Témoignage : « ce que j'ai vu dans la jungle de Calais me hante »
par Le Partageux - Les bafouilles d'un partageux
« J’ai apporté mon aide dans le camp de réfugiés de la jungle de Calais et ce que j’ai vu me hante. » Voici la traduction complète du témoignage que David Kraft a livré au Guardian.
« Je suis un homme ordinaire. Je n’ai pas de compétences ou d’expériences pour aider les personnes traumatisées ou désespérées. Cependant, lorsque sont apparues les images de cet enfant de trois ans, Aylan Kurdi, étendu sans vie sur une plage turque, ce fut pour moi un véritable choc.
J’ai fait un don en ligne, mais je ne pouvais m’empêcher de penser à cette horrible situation qui ne trouve aucune fin pour les réfugiés. J’ai donc commencé à me demander ce que je pouvais faire de plus. Les conditions de vie dans le camp de Calais, appelé “la Jungle”, empiraient de jour en jour. Pourrais-je être d’une quelconque utilité ?
L’un des besoins les plus pressants dans la “Jungle”, comme dans tous les camps de réfugiés, est la nourriture. Il y a quelques provisions, mais la majorité des 6000 personnes est affamée tous les jours. Je cuisine à la maison, je peux couper et laver des oignons. Cela me semblait être un bon point de départ. J’ai publié sur Facebook pour savoir si quelqu’un souhaitait m’accompagner dans ce projet. Un vieil ami, Rob Lawson, un chef cuisinier, a accepté. Ensuite Tom Southern, qui encadre des activités pour des jeunes en difficulté, s’est aussi porté volontaire.

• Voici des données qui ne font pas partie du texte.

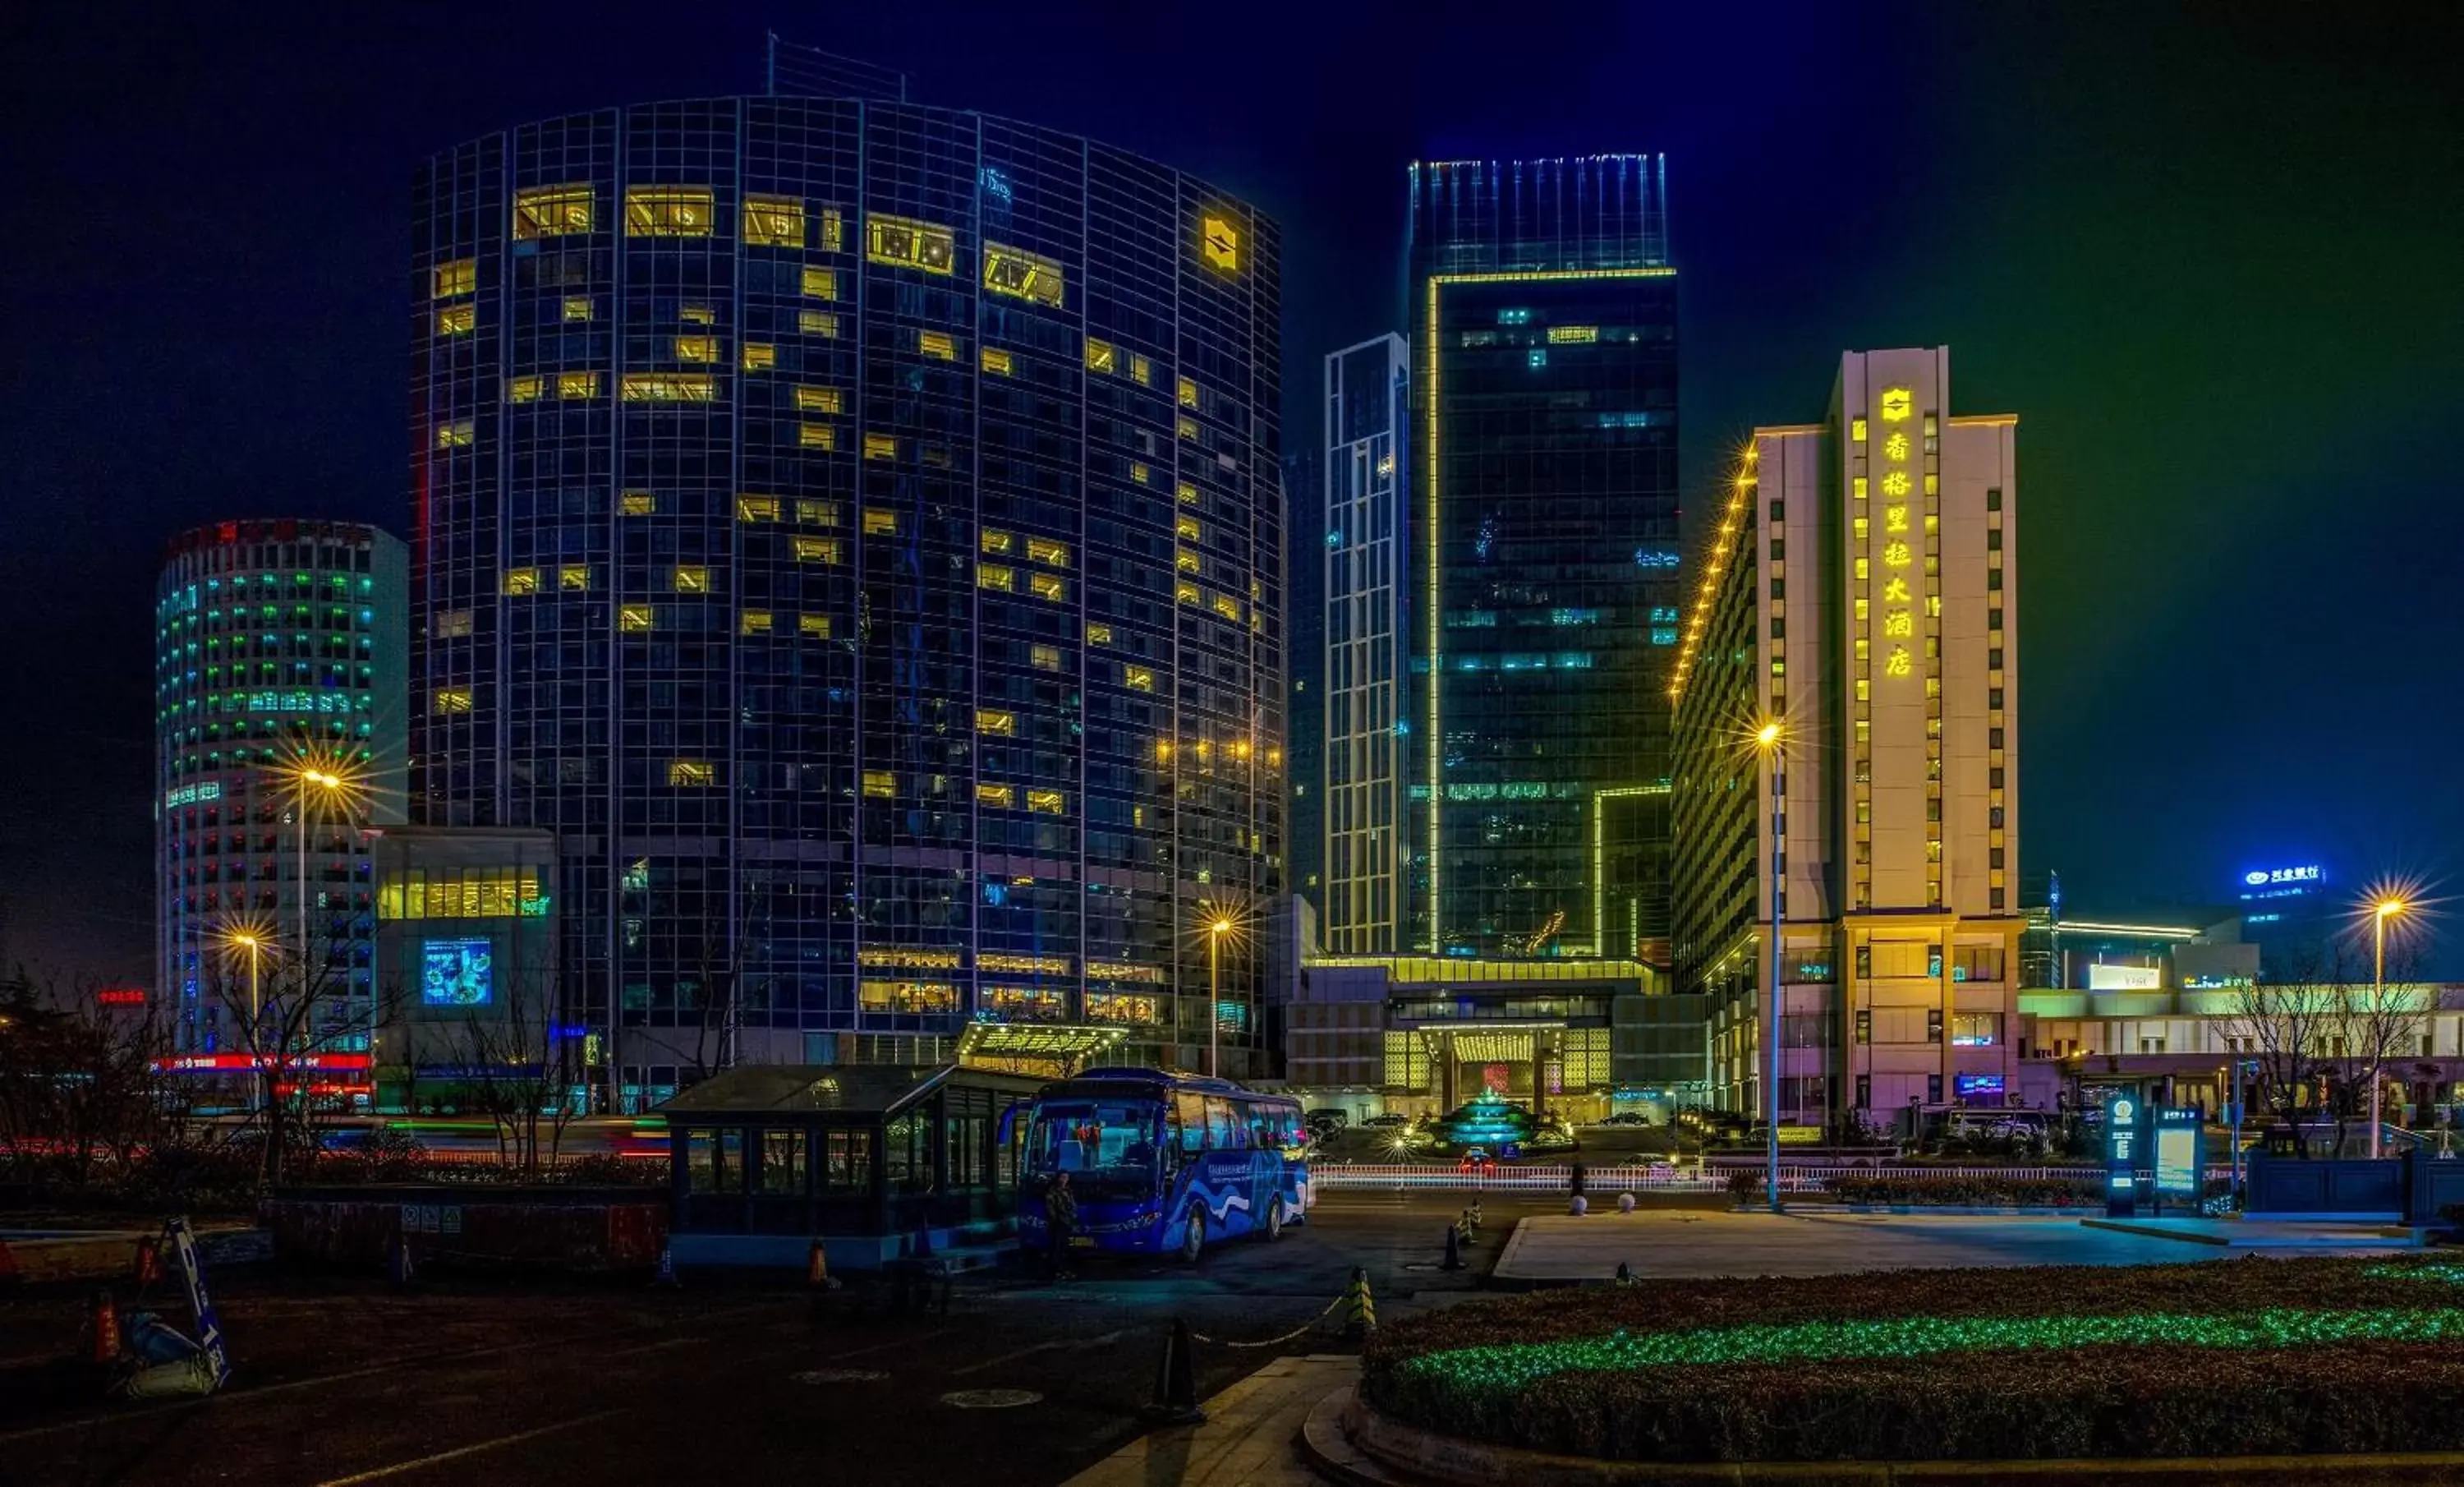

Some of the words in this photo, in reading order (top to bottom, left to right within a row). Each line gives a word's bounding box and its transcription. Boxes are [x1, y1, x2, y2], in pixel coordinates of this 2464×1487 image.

[1882, 433, 1912, 676] 香格里拉大酒店
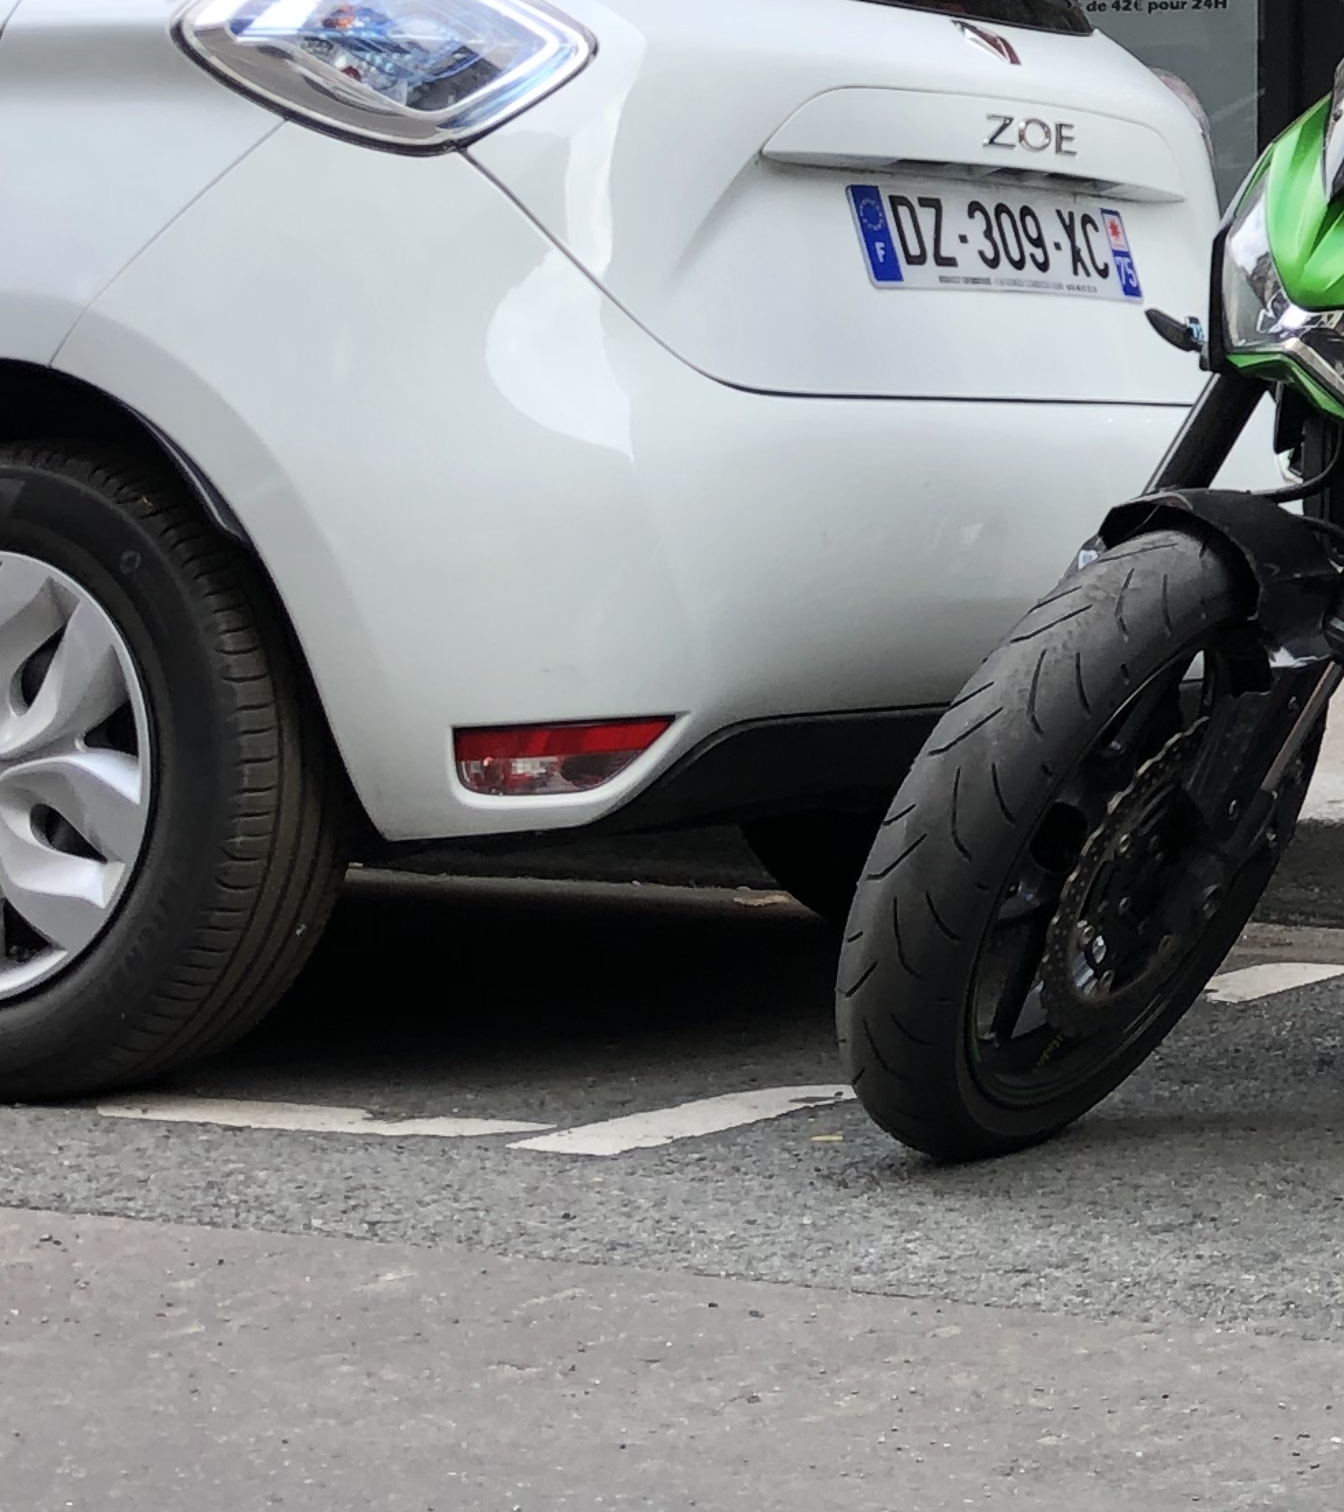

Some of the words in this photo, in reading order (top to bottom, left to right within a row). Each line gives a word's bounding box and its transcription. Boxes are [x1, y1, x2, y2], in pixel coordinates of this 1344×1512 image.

[1086, 0, 1107, 13] de
[1148, 0, 1188, 15] pour
[982, 112, 1079, 157] ZOE
[873, 241, 886, 265] F
[887, 194, 1111, 280] DZ-309-XC
[1115, 255, 1138, 288] 75
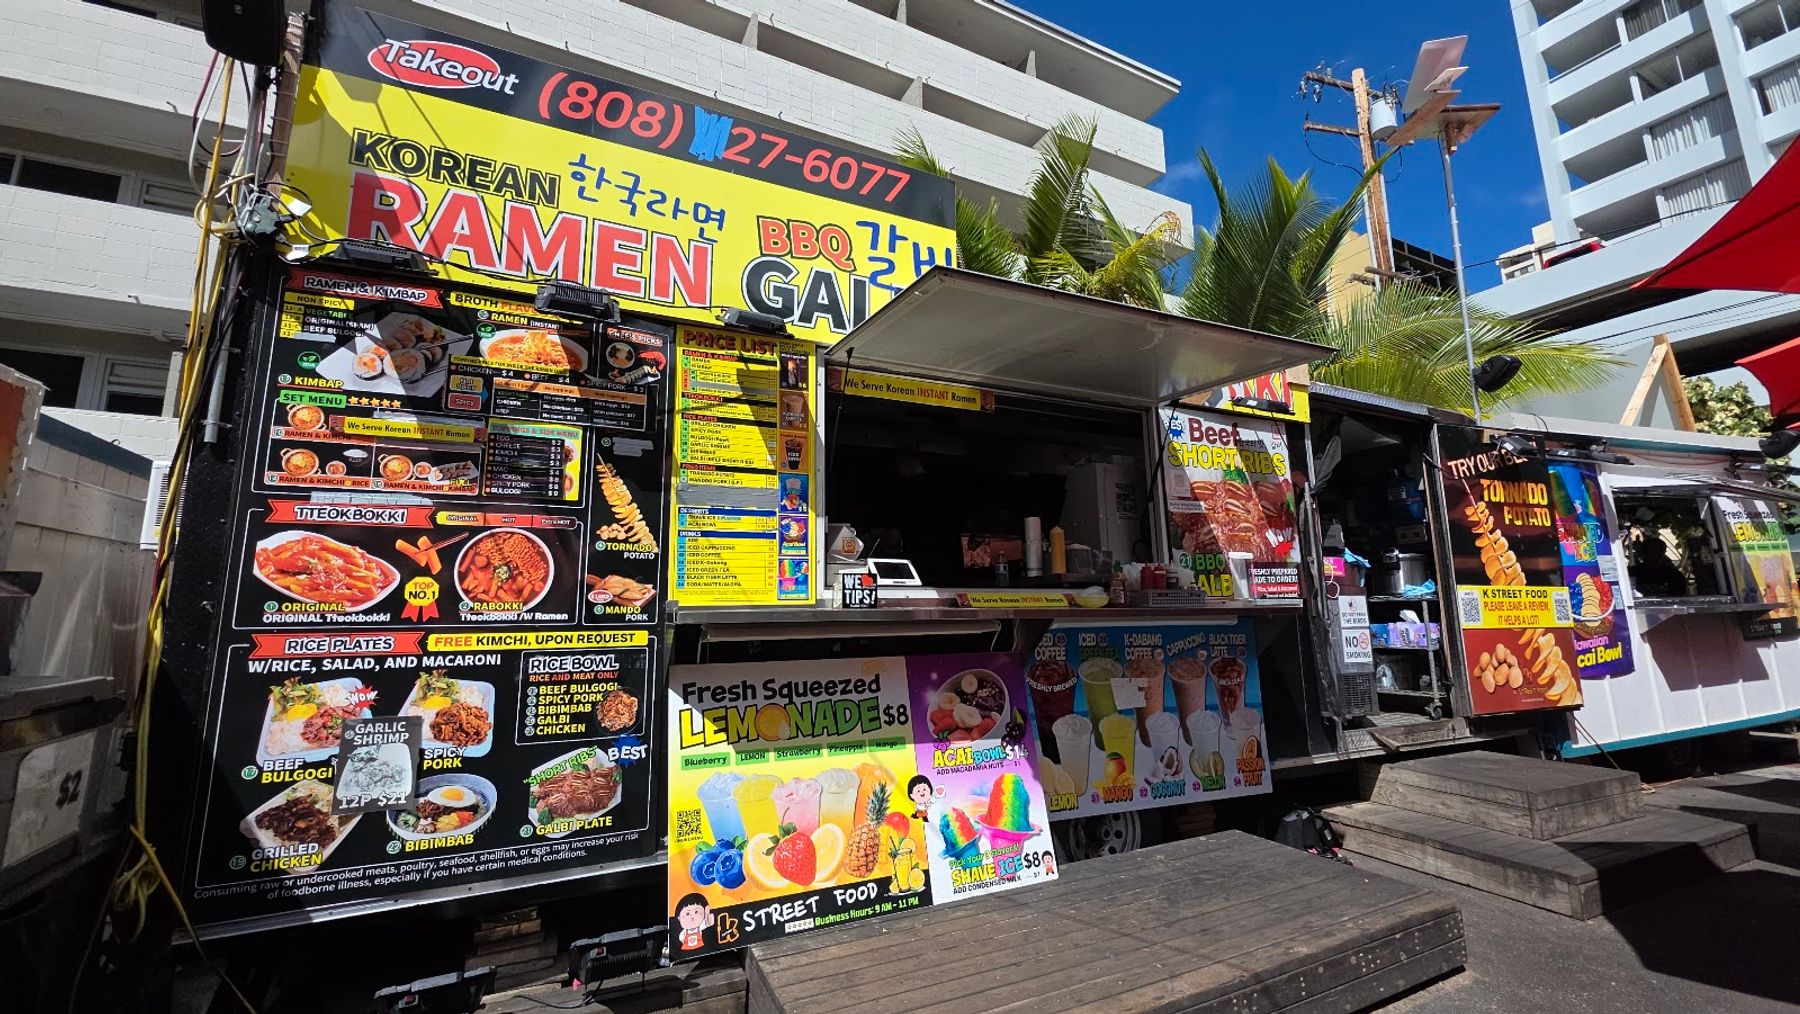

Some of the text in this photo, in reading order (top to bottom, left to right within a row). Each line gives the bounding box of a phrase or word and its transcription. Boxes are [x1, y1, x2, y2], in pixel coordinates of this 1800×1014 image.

[385, 38, 520, 96] Takeout
[538, 71, 911, 202] (808) 27-6077
[350, 127, 561, 209] KOREAN
[346, 170, 857, 309] RAMEN BBQ
[856, 220, 953, 293] 갈비
[304, 276, 428, 302] RAMEN KIMBAP
[319, 297, 343, 307] SPICY
[455, 293, 498, 309] BROTH
[490, 312, 528, 326] RAMEN
[683, 329, 737, 350] PRICE
[740, 336, 777, 356] LIST
[294, 376, 344, 389] KIMBAP
[283, 392, 343, 406] SET MENU
[861, 380, 977, 404] Serve Korean INSTANT Ramen
[362, 422, 444, 437] Serve Korean INSTANT
[1187, 417, 1239, 446] Beef
[1167, 441, 1286, 477] SHORT RIBS
[1447, 457, 1475, 479] TRY
[278, 476, 345, 487] RAMEN KIMCHI
[383, 480, 410, 490] RAMEN
[1480, 478, 1548, 506] TORNADO
[294, 505, 408, 524] TTEOKBOKKI
[1504, 505, 1551, 527] POTATO
[1723, 509, 1744, 519] Fresh
[606, 541, 653, 552] TORNADO
[1573, 542, 1597, 562] ICE
[623, 551, 655, 560] POTATO
[1195, 553, 1225, 571] BBQ
[413, 580, 433, 590] TOP
[844, 574, 862, 588] WE
[844, 589, 875, 606] TIPS!
[1482, 588, 1490, 599] K
[1491, 588, 1523, 599] STREET
[1526, 589, 1548, 598] FOOD
[281, 602, 346, 613] ORIGINAL
[473, 601, 524, 612] RABOKKI
[605, 605, 641, 615] MANDO
[1483, 601, 1523, 612] PLEASE LEAVE
[262, 613, 323, 624] ORIGINAL
[534, 611, 569, 621] Ramen
[625, 613, 649, 621] PORK
[1504, 615, 1521, 625] HELPS
[285, 636, 395, 654] RICE PLATES
[434, 632, 636, 648] FREE KIMCHI, UPON REQUEST
[1078, 632, 1097, 647] ICED
[1124, 633, 1162, 646] K-DABANG
[1166, 632, 1206, 657] CAPPUCCINO
[1345, 636, 1359, 649] NO
[1034, 646, 1066, 661] COFFEE
[1125, 647, 1153, 660] COFFEE
[1346, 651, 1371, 659] SMOKING
[1577, 641, 1622, 668] cai Bowl
[248, 653, 501, 674] W/RICE, SALAD, AND MACARONI
[528, 654, 619, 673] RICE BOWL
[529, 671, 619, 682] RICE AND MEAT ONLY
[539, 682, 618, 695] BEEF BULGOGI
[682, 674, 881, 704] Fresh Squeezed
[1026, 677, 1077, 693] FRESHLY BREWED
[538, 693, 604, 705] SPICY PORK
[538, 703, 592, 715] BIBIMBAB
[355, 721, 407, 734] GARLIC
[537, 715, 570, 725] GALBI
[679, 696, 909, 749] LEMONADE $8
[536, 723, 586, 735] CHICKEN
[353, 732, 410, 746] SHRIMP
[423, 746, 466, 760] SPICY
[607, 744, 648, 762] BEST
[684, 739, 898, 767] Blueberry LEMON Strawberry Pineapple Mango
[933, 745, 1006, 769] ACAI BOWL
[263, 757, 304, 772] BEEF
[423, 757, 463, 770] PORK
[937, 762, 1004, 776] ADD MACADAMIA NUTS
[1236, 758, 1266, 775] PASSION
[261, 767, 333, 784] BULGOGI
[378, 791, 407, 807] $21
[1049, 776, 1226, 812] LEMON MANGO COCONUT MELON
[536, 816, 613, 836] GALBI PLATE
[251, 842, 319, 860] GRILLED
[405, 834, 474, 852] BIBIMBAB
[194, 836, 624, 900] Consuming raw undercooked poultry, seafood, shellfish, may increase your
[250, 853, 323, 873] CHICKEN
[951, 851, 1040, 887] SHAVE ICE $8
[281, 848, 588, 898] foodborne especially have certain medical conditions.
[953, 879, 1006, 895] ADD CONDENSED
[743, 883, 878, 932] STREET FOOD
[814, 897, 920, 927] Business Hours: PM

Enfin Waleed Ghani, qui a récemment refondé le “Whig Party” [un parti politique, ndlr], nous a dit vouloir s’impliquer. J’ai créé la pageJustGiving sur Facebook pour les dons. On voulait emmener de la nourriture et, à notre arrivée, acheter d’autres fournitures pour la cuisine. J’ai donc réservé le ferry et l’hôtel. Via un forum en ligne, j’ai contacté la cuisine d’Ashram –- une association gérée bénévolement qui nourrit 600 personnes avec 2 repas par jour –- ils avaient désespérément besoin d’aide. On a rempli le van de Rob de denrées dont ils avaient fortement besoin, dont 100 kg de riz. Puis nous sommes partis en n’ayant aucune idée de ce qui nous attendait.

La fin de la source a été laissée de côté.